GRAVISSIMUM EDUCATIONIS 7-9

DOCUMENTI DEL CONCILIO VATICANO II Dichiarazione sull’educazione cristiana GRAVISSIMUM EDUCATIONIS (28 ottobre 1965)

La scuola non cattolica 7 La Chiesa inoltre, consapevole del dovere gravissimo di curare diligentemente l'educazione morale e religiosa di tutti i suoi figli, deve rendersi presente con un affetto speciale e con il suo aiuto ai moltissimi suoi figli che vengono educati nelle scuole non cattoliche. Essa assicura questa presenza sia attraverso la testimonianza della vita data dai loro maestri e superiori, sia attraverso l'azione apostolica dei condiscepoli (23), sia soprattutto attraverso il ministero dei sacerdoti e dei laici che insegnano loro la dottrina della salvezza, con metodo adeguato all'etĂ  ed alle altre circostanze, ed offrono loro l'aiuto spirituale per mezzo di iniziative opportune secondo le condizioni di tempo e di luogo.

Essa rammenta poi il grave dovere che incombe ai genitori di tutto predisporre o anche di esigere, perché i loro figli possano usufruire di quegli aiuti ed in armonia con la formazione profana progrediscano in quella cristiana. Perciò la Chiesa loda quelle autorità e società civili che, tenendo conto del pluralismo esistente nella società moderna e garantendo la giusta libertà religiosa, aiutano le famiglie perché l'educazione dei loro figli possa aver luogo in tutte le scuole secondo i principi morali e religiosi propri di quelle stesse famiglie (24).

La scuola cattolica 8 La presenza della Chiesa in campo scolastico si rivela in maniera particolare nella scuola cattolica Al pari delle altre scuole, questa persegue le finalità culturali proprie della scuola e la formazione umana dei giovani. Ma suo elemento caratteristico è di dar vita ad un ambiente comunitario scolastico permeato dello spirito evangelico di libertà e carità, di aiutare gli adolescenti perché nello sviluppo della propria personalità crescano insieme secondo quella nuova creatura che essi sono diventati mediante il battesimo, e di coordinare infine l'insieme della cultura umana con il messaggio della salvezza, sicché la conoscenza del mondo, della vita, dell'uomo, che gli alunni via via acquistano, sia illuminata dalla fede (25). Solo così la scuola cattolica, mentre – come è suo dovere – si apre alle esigenze determinate dall'attuale progresso, educa i suoi alunni a promuovere efficacemente il bene della città terrena ed insieme li prepara al servizio per la diffusione del regno di Dio, sicché attraverso la pratica di una vita esemplare ed apostolica diventino come il fermento di salvezza della comunità umana.

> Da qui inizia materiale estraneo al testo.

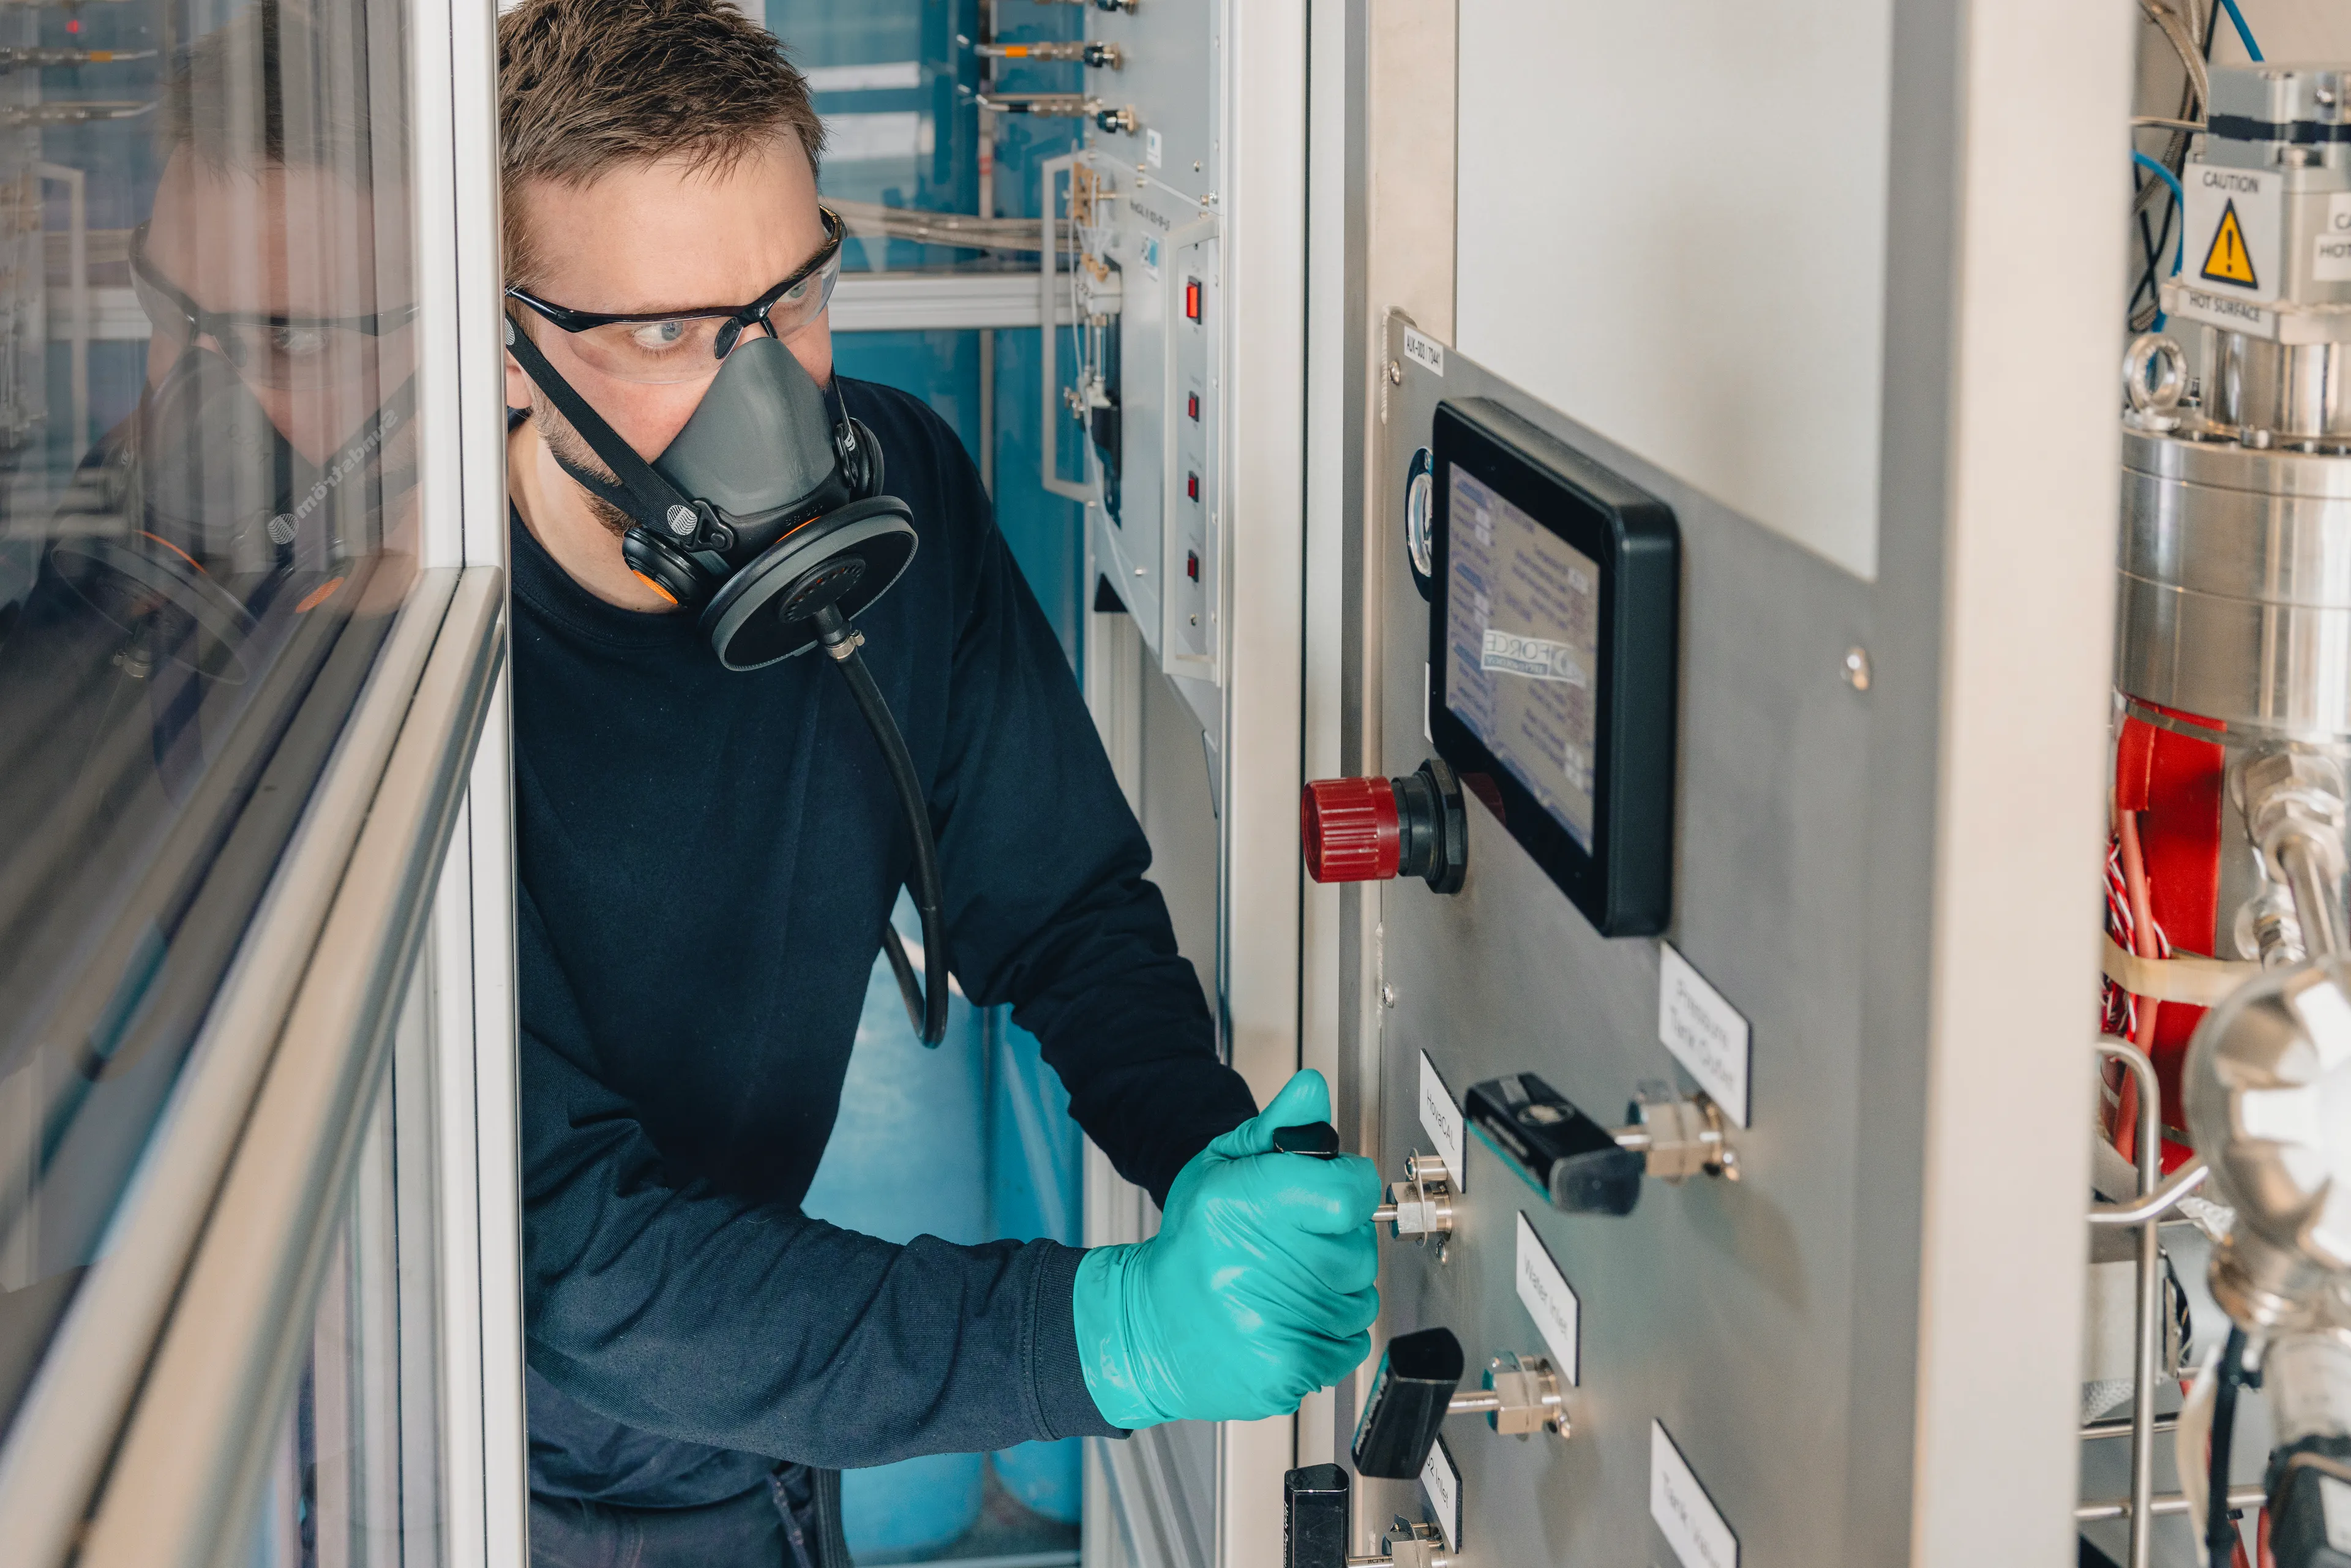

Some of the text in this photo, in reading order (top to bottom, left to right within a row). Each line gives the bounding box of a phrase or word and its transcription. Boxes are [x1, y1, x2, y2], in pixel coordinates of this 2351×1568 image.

Perciò la scuola cattolica, essendo in grado di contribuire moltissimo allo svolgimento della missione del popolo di Dio e di servire al dialogo tra la Chiesa e la comunità degli uomini con loro reciproco vantaggio, conserva la sua somma importanza anche nelle circostanze presenti. Pertanto questo santo Sinodo ribadisce il diritto della Chiesa a fondare liberamente e a dirigere le scuole di qualsiasi ordine e grado, diritto già dichiarato in tanti documenti del magistero (26) esso ricorda che l'esercizio di un tale diritto contribuisce moltissimo anche alla tutela della libertà di coscienza e dei diritti dei genitori, come pure allo stesso progresso culturale.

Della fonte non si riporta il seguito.